In later audio sculptures, like "Autoped" and "Papasion", Gert Verhoeven explored the power of artistic expression in the same ironic fashion and tried to grasp the position of contemporary art within social practices. For example, Verhoeven observed that contemporary art has been banned from the political scene and is exclusively operating in an aesthetic context, completely neutralizing the impact of its revolutionary exhortations. After reading a text by Slavoy Zizek in which the philosopher states that "the perverse transgressions have been recuperated by the art establishment in order to keep the art market functioning and alive", Gert Verhoeven felt obliged to alter his original strategy and decided to re-examine his first series of drawings. Out of his closet, he collected the rejected and failed drawings of earlier times and used them as a literal background for 'New Feet', a series of word/drawings in which he further wanted to explore the positions of art on the basis of his new findings.
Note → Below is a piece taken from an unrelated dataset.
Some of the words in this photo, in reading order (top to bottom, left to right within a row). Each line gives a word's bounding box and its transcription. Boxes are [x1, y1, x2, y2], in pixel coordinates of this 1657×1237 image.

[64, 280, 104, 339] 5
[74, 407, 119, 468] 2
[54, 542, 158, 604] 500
To get out of the deadlock of the hand and the fingers, Gert Verhoeven has moved down to the feet and the toes. With a lot of black humor, he evokes, through this gesture, the bizarre phenomenon of the artists without arms who can paint the most detailed landscapes with their feet. In a first stage, Verhoeven has branded every old drawing with a large stamp of a pair of rippled feet that he places right in the middle of the paper. Afterwards he has submitted the surface of each page to a meticulous examination and finally delivers his comments in the form of a number of verbal and visual actions: Verhoeven repaints, crosses out, deletes and turns the page. He demarcates limits and indicates positions and directions by means of numbers and arrows. Toes get added, colored and painted; forms are identified and personified; titles edited and texts rewritten from his new insights. The result looks like an impressive diagnosis of a syndrome that unfortunately remains a complete mystery without the explanation of a doctor. In the eyes of the patient, the diagnosis still contains the whole range of possible outcomes, but in the case of 'New Feet' the liberating answer will never follow since the artist is finding himself just as much on unknown territory and even turns out to suffer from the same affliction.
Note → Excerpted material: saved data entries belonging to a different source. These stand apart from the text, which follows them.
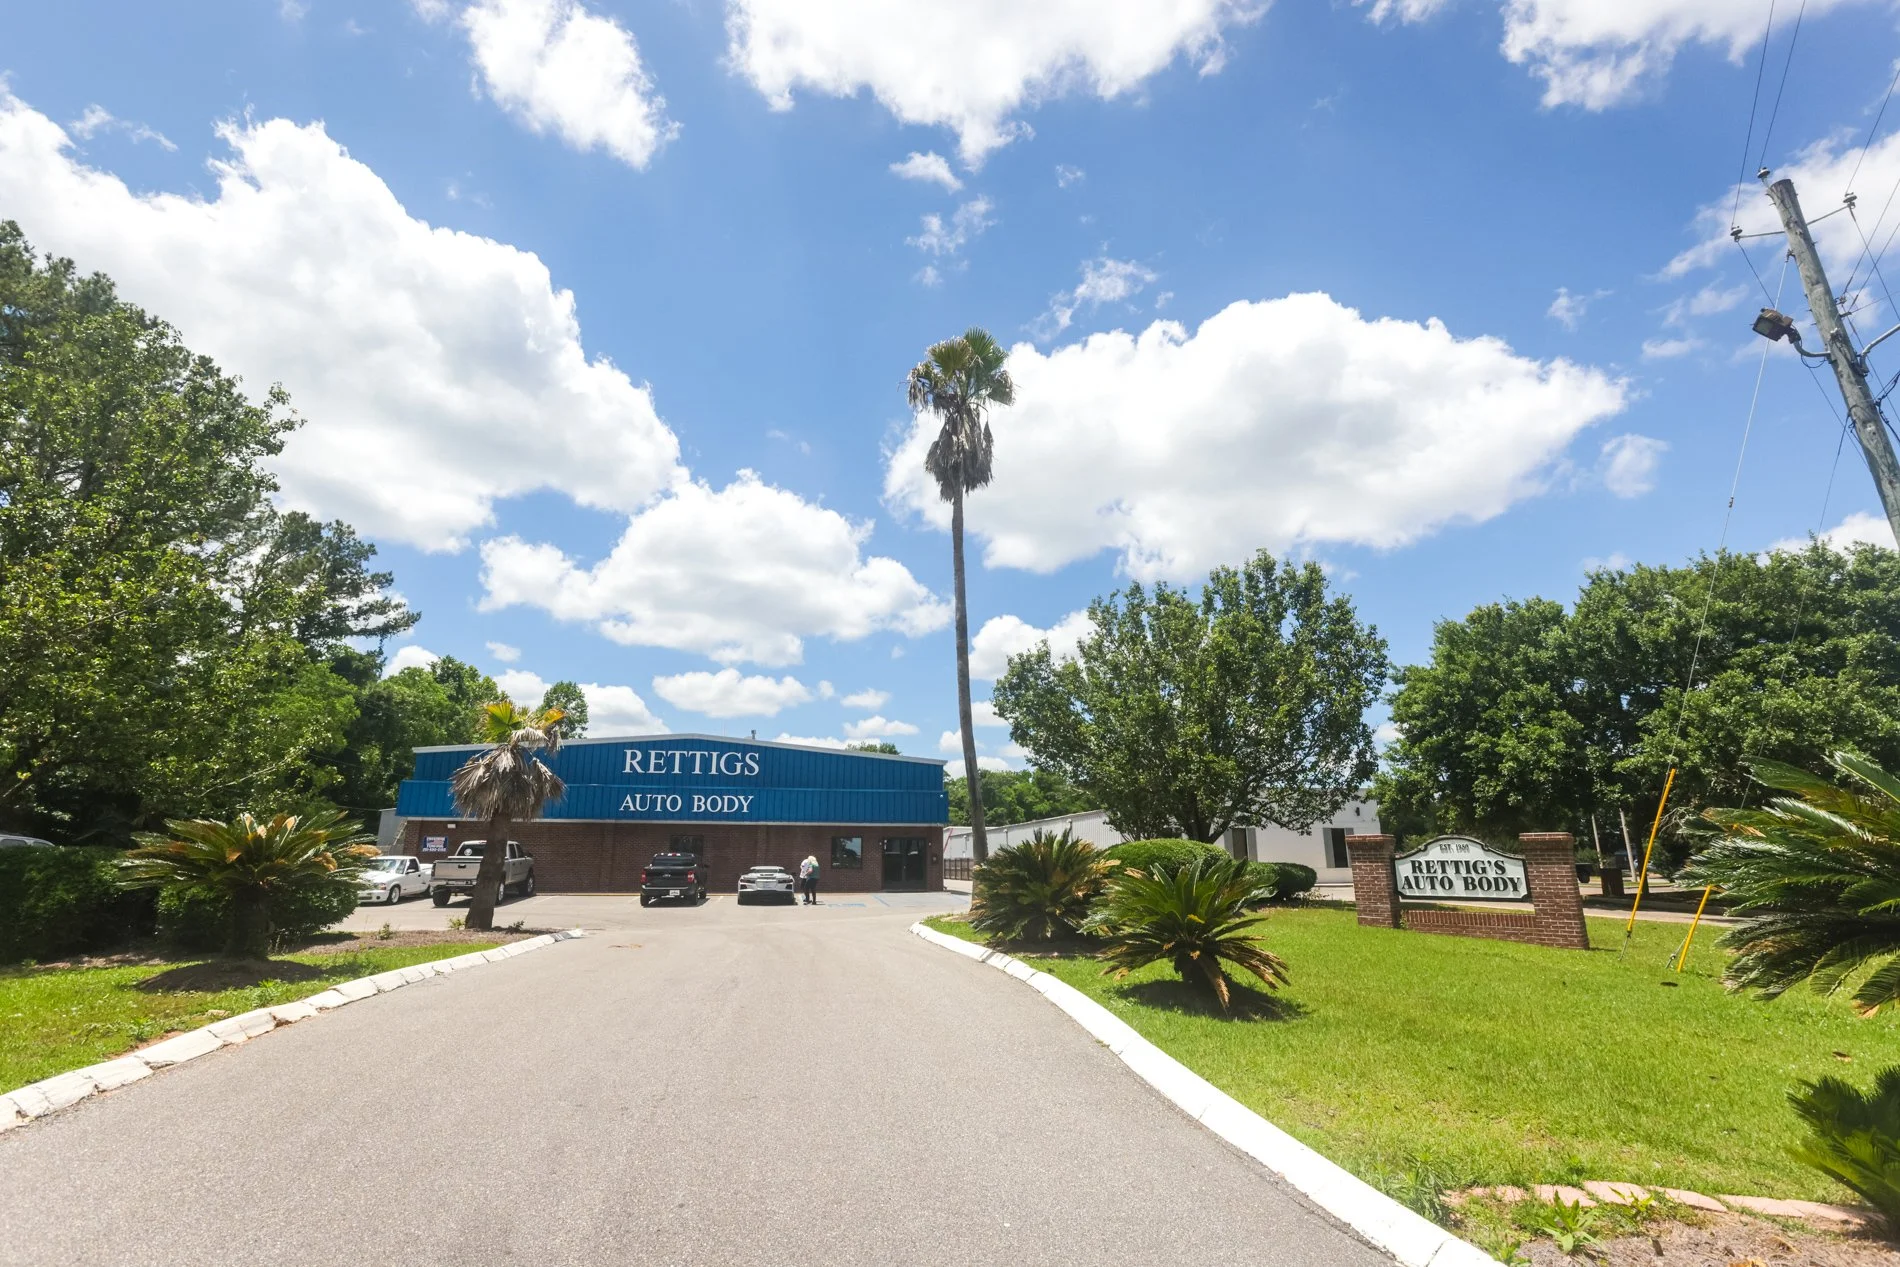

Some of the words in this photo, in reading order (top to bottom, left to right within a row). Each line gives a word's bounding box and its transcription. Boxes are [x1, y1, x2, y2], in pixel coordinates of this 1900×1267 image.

[622, 749, 760, 776] RETTIGS
[619, 794, 682, 812] AUTO
[691, 795, 754, 813] BODY
[1410, 860, 1506, 875] RETTIG'S
[1402, 875, 1454, 890] AUTO
[1462, 876, 1520, 892] BODY
In his new drawings, Gert Verhoeven is paying a lot of attention to this overlap in the active and passive roles and the exchanges between artist and spectator, It is remarkable how he succeeds in rendering this dynamic in the position of the feet alone. Depending on the fact if the toes are turned downward or upward, the feet seem to belong to a standing person who thrones above the head of the spectator and pushes his weight forcefully against a transparent floor or seem to belong to a lying figure, who stoically offers his fragile foot soles to the perverse look of the fetishist or the torments of the sadist. In the annotations, he points out the characters of the 'faiseur', the 'facteur' and the 'masochist'. When it comes down toreleasing the artwork to the world, Gert Verhoeven personally does not feel much for the reckless 'USE ME'-statement of Bruce Nauman. He rather prefers to adapt the shrewd method of Franz West, who explicitly invites the spectator to touch the work, to sit and stand on it, or even to finish it. However, under the pretext of these 'user-friendly' instructions, he keeps control over the reception of the work. Like a real masochist, it is he alone who defines the rules of the game and assumes the right to change them at any time.

"New Feet" is closely connected to the general line of thought of Gert Verhoeven; like the former works on paper, sculptures and video's, this series of drawings represents one single movement within a choreography that encircles the authentic art in continously changing constellations.